Outgoing Prime Minister Boris Johnson has urged Conservatives to get behind his successor Liz Truss during a “tough time”, in his farewell speech.

Mr Johnson has met the Queen at Balmoral Castle in Scotland, where he tendered his resignation as PM.

Ms Truss has been formally appointed by the British monarch, before making her first speech as prime minister.

The UK’s third female prime minister will announce her cabinet later.

Her victory in the Tory leadership contest on Monday marked the end of Mr Johnson’s turbulent premiership, less than three years after the Conservatives won a landslide in the 2019 general election.

In the face of a mounting economic crisis, Mr Johnson’s successor has promised immediate action to deal with soaring energy prices, as well as tax cuts aimed at staving off a recession.

Her plan, due on Thursday, is expected to include a freeze on energy bills worth billions of pounds, but the details of that policy are yet to be announced.

Simon Clarke, who backed Ms Truss for the leadership and is tipped to become levelling up secretary, told the BBC he was anticipating “a major intervention” on energy bills.

He said energy “will be the government’s most immediate priority upon entering office” and insisted the commitments Ms Truss made during the campaign on tax “still absolutely stand”.

In his speech, Mr Johnson alluded to the ominous challenges Ms Truss will inherit when she takes office, acknowledging that this was “a tough time for the economy”.

“This is a tough time for families up and down the country,” Mr Johnson said in front of No 10 Downing Street. “We can and we will get through it and we will come out stronger the other side.”

In a pointed plea to his Conservative colleagues following a fractious party leadership race, Mr Johnson said “it’s time for politics to be over, folks”.
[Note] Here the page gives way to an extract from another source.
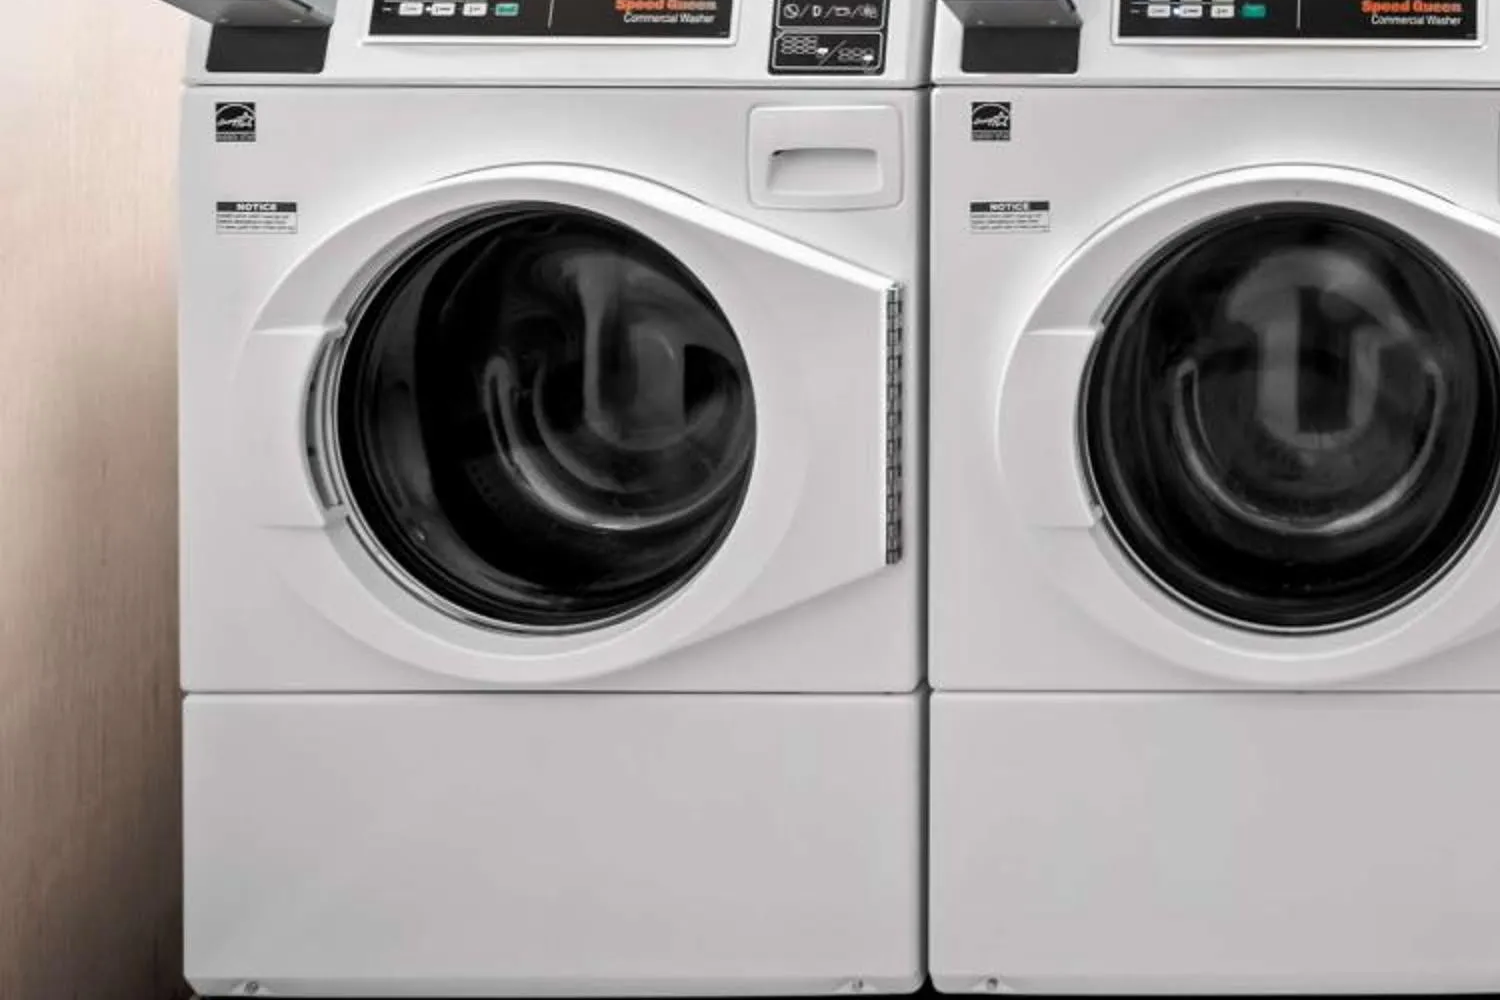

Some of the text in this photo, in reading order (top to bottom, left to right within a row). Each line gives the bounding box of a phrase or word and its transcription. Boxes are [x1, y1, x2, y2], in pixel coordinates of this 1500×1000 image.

“It’s time for us all to get behind Liz Truss and her team and her programme and deliver for the people of this country,” he said.

Paying tribute to his colleagues in government, Mr Johnson said they were the people who “got Brexit done”, delivered “the fastest vaccine rollout in Europe”, and “organised those prompt supply of weapons to Ukraine”.

Reflecting on the future of his career, Mr Johnson compared himself to “one of those booster rockets” that “has fulfilled its function”.

“I’ll be gently re-entering the atmosphere and splashing down invisibly in some remote and obscure corner of the Pacific,” he said.

He then likened himself to Cincinnatus, a Roman statesman and military leader who battled against an invasion before returning to his farm.

Some classics scholars pointed out Cincinnatus came out of retirement for a second term as leader of Rome.

Mr Johnson has not said publicly said what he will do after leaving office but there is speculation that he will remain as an MP for his Uxbridge and South Ruislip constituency.

His former adviser Will Walden told the BBC’s World At One he did not believe Mr Johnson would return to frontline politics.

“That is for two reasons – I don’t think the Tory Party is used to going back in time… but more than anything, he needs to earn some money and he needs to move on,” he said.

Mr Walden suggested Mr Johnson was dropping hints he could return because he wanted to “rewrite the narrative… suggesting he still has a role to play and has been hard done by is part of that narrative”.

As Mr Johnson and his wife Carrie head to Balmoral, there’s time to unpick some of the words he chose to use to mark his departure.

There was an extensive assembly of what he saw as his greatest hits: the coronavirus vaccine programme, Brexit and support for Ukraine among them.

And then there were those references to the future: one wrapped in the imagery of space exploration; the other in classicist comparison.

Will Mr Johnson really “splash down invisibly in a remote corner of the Pacific”?

Err… no. Every syllable Mr Johnson utters, out loud or in print, will magnetically allure the cameras, microphones and reporters; it has been his greatest skill throughout his career: commanding attention.

In short, Mr Johnson is leaving office but won’t leave the stage. We’ll hear from him again.